Setelah setengah jam duduk
sendiri di sana, pintu terbuka. Tampak berdiri di sana pria tua berkaca mata
dengan pakaian rapi.
”Masuklah, Professor. Jangan
sungkan-sungkan.” kata Azka.
”Memang tidak.” katanya sambil
melepas kaus kaki dan sepatunya, kemudian melangkahi pintu, duduk di seberang
Azka tanpa izin terlebih dulu.
”Sang dewa yang orang-orang sebut
hanyalah alien yang datang dari planet lain. Mereka meninggalkan baterai dengan
energi yang sangat besar di bumi. Aku masih belum tahu alasannya. Aku yakin kau
juga belum.” Ia kemudian meminum teh hangat di depannya.
”Baterai itu mengandung kekuatan
yang melebihi nuklir. Lihat saja apa yang nuklir akibatkan di Chernobyl,
Hiroshima, dan Nagasaki. Bayangkan apa yang bisa diakibatkannya.”

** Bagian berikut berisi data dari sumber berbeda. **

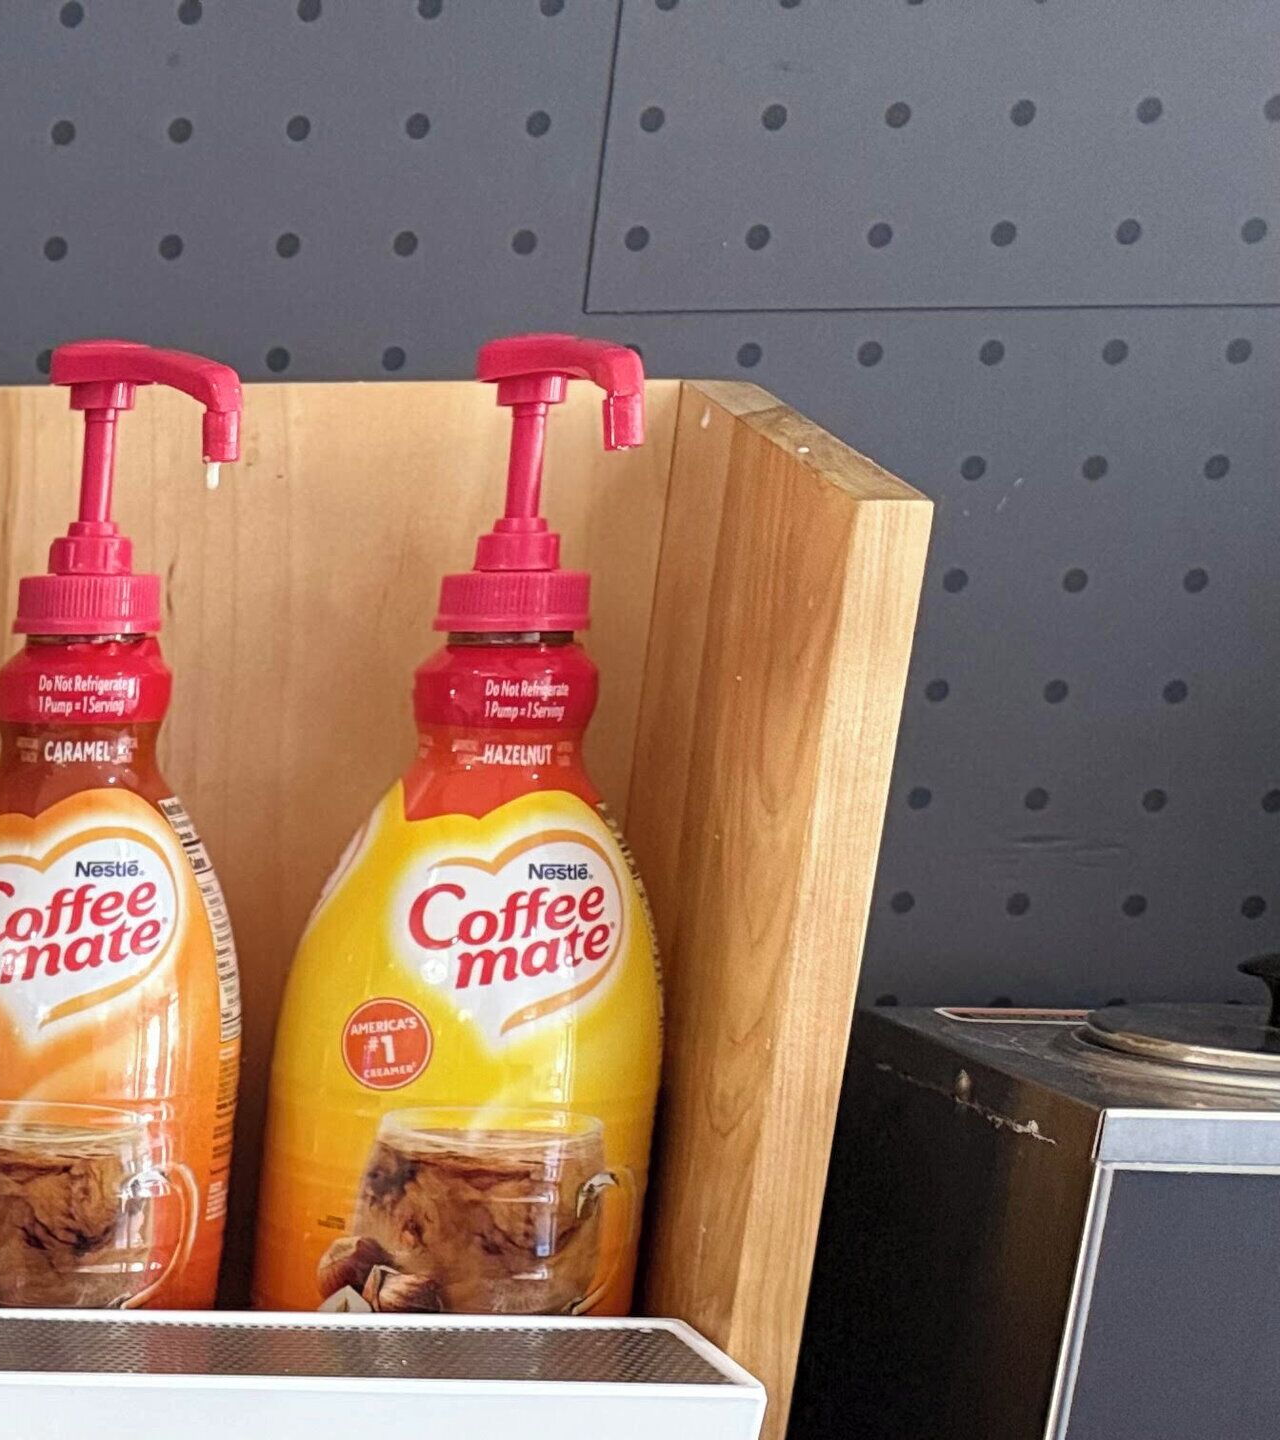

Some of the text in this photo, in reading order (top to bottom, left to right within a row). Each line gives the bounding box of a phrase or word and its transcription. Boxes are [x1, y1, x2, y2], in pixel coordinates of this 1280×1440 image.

”Kau selalu melihat sesuatu dari
sisi buruknya. Lihatlah sekarang, nuklir begitu bermanfaat bagi dunia,
membangkitkan listrik dengan jumlah besar tanpa polusi. Batu Alpat bisa
melakukan lebih dari itu.” Ia meletakkan cangkirnya. ”Azmi dan Acep, dua orang
temanmu yang yang selalu setim. Kau juga setim dengan mereka saat ini, bukan?”
”Bagaimana dengan Anda sendiri,
Professor? Orang jenius dan kaya yang memimpin berbagai proyek. Berapa agen
yang Anda sewa? Tiga? Empat?”
”Sepuluh.” kata Professor, kemudian
meminum tehnya lagi. ”Dan semuanya berpengalaman.” lanjutnya.

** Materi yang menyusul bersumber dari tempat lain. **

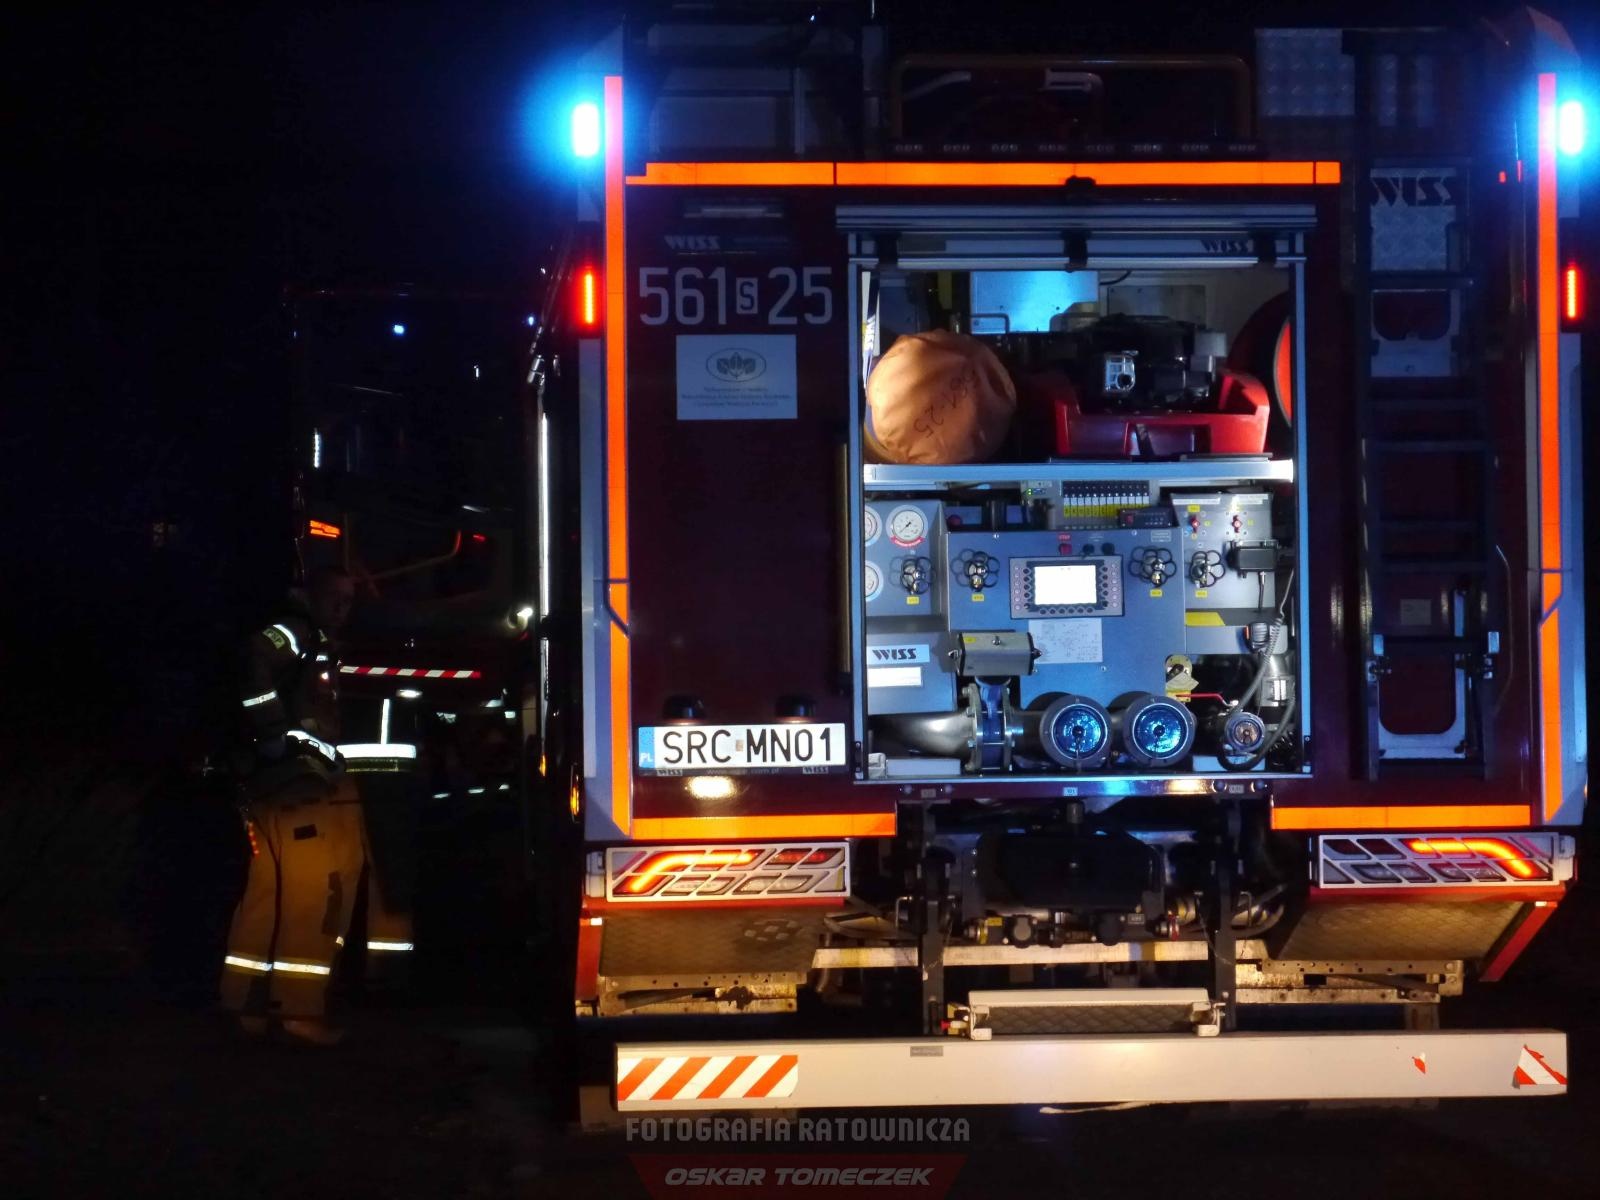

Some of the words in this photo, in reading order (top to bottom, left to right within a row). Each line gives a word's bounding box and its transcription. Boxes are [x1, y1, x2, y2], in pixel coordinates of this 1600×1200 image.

[639, 266, 727, 325] 561
[767, 266, 833, 325] 25
[872, 648, 917, 661] WISS
[640, 754, 654, 764] PL
[662, 730, 732, 765] SRC

Azka berhenti meminum tehnya,
meletakkannya kembali di atas nampan. Tangannya yang menggenggam handphone menekan-nekan layar touchscreen itu.

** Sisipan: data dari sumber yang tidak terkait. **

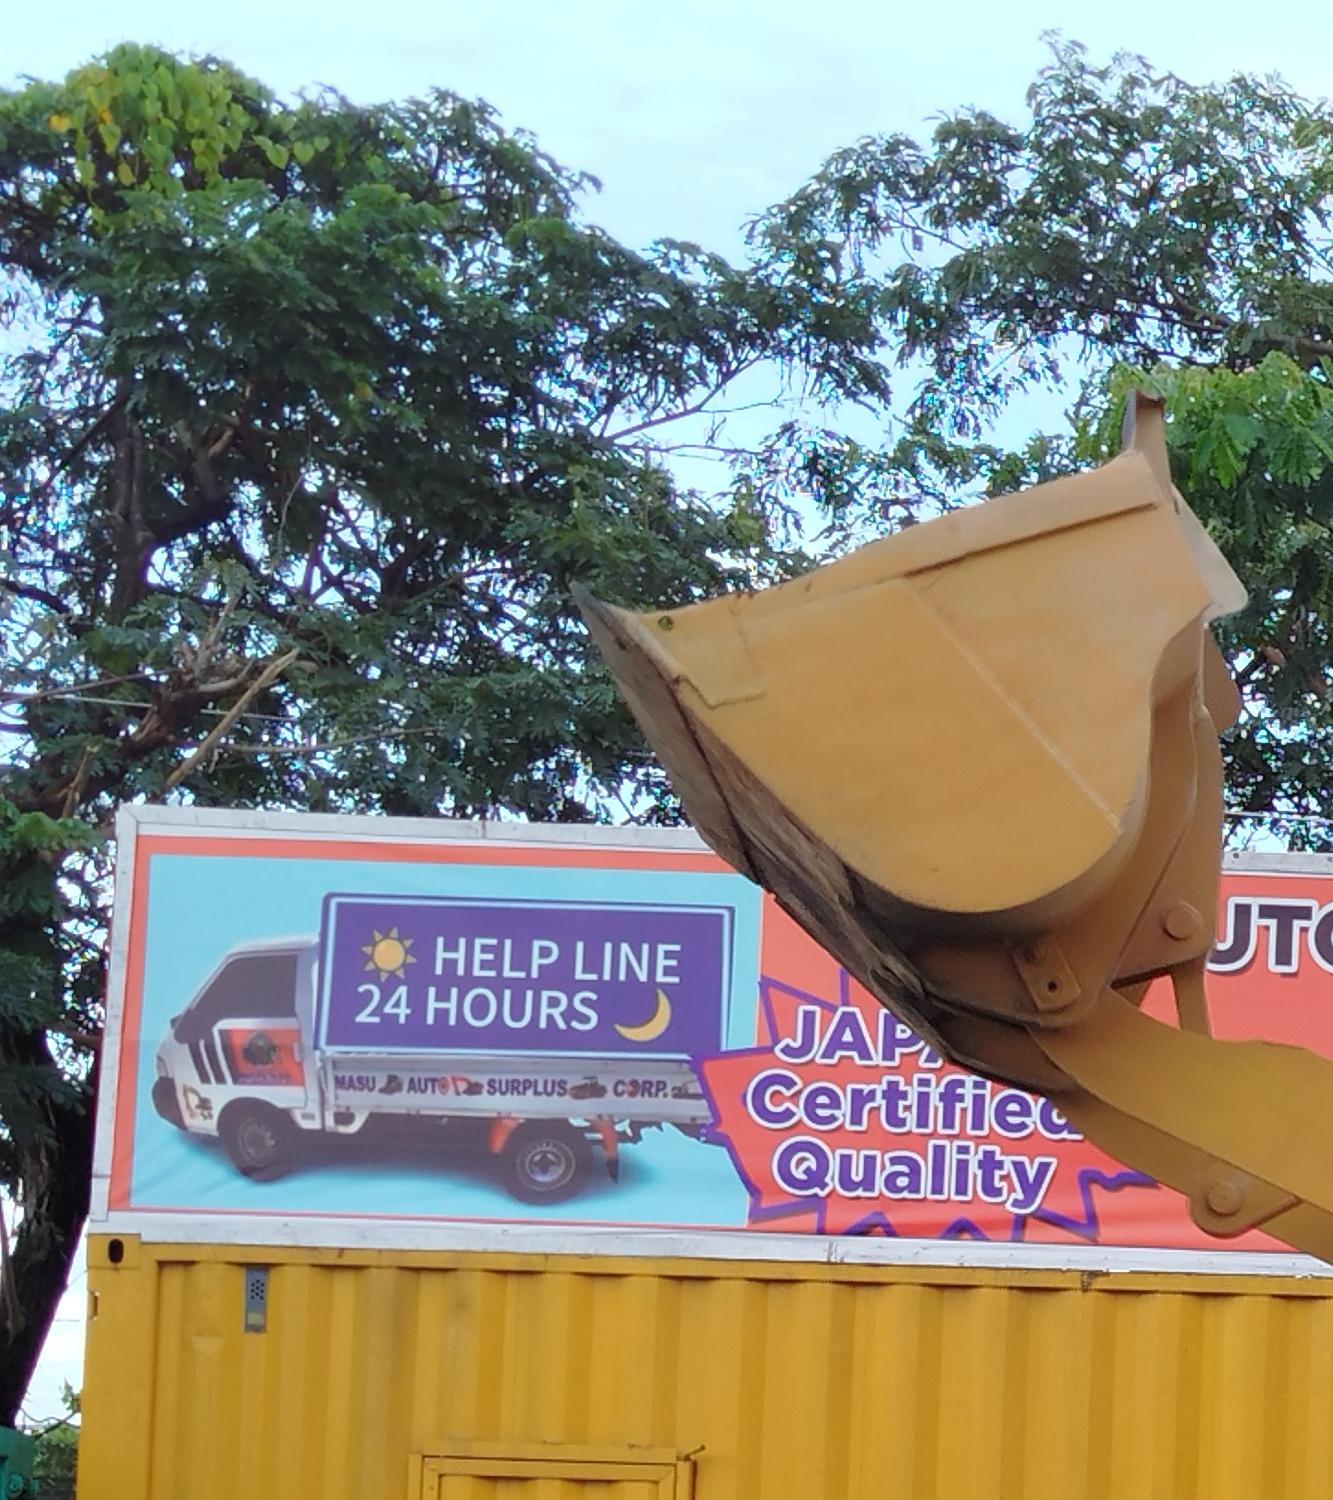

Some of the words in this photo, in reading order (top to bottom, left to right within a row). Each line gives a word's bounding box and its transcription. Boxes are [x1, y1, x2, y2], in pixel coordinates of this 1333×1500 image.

[434, 936, 560, 979] HELP
[574, 940, 682, 984] LINE
[354, 983, 411, 1025] 24
[426, 985, 599, 1031] HOURS
[778, 1008, 940, 1062] JAP
[334, 1074, 377, 1092] MASU
[486, 1077, 568, 1098] SURPLUS
[776, 1140, 1054, 1209] Quality

”Aku tidak main-main dalam hal
ini, Ka. Akan ada banyak gangguan bagiku dalam proyek ini dan gangguan paling
besar yang kuprediksi datang darimu, si jenius, tapi malas di kelas.”
”Begitu juga denganku, Professor.
Aku tahu cepat atau lambat berita ini akan menyebar, dan Anda akan
mendengarnya. Aku juga telah menyiapkan rencana, Professor. Kedua temanku itu
sedang menjalankannya.”
”Ya, aku tahu itu. Apa yang kau
rencanakan? Memata-matai proyekku dan menyabotasenya ketika mereka istirahat?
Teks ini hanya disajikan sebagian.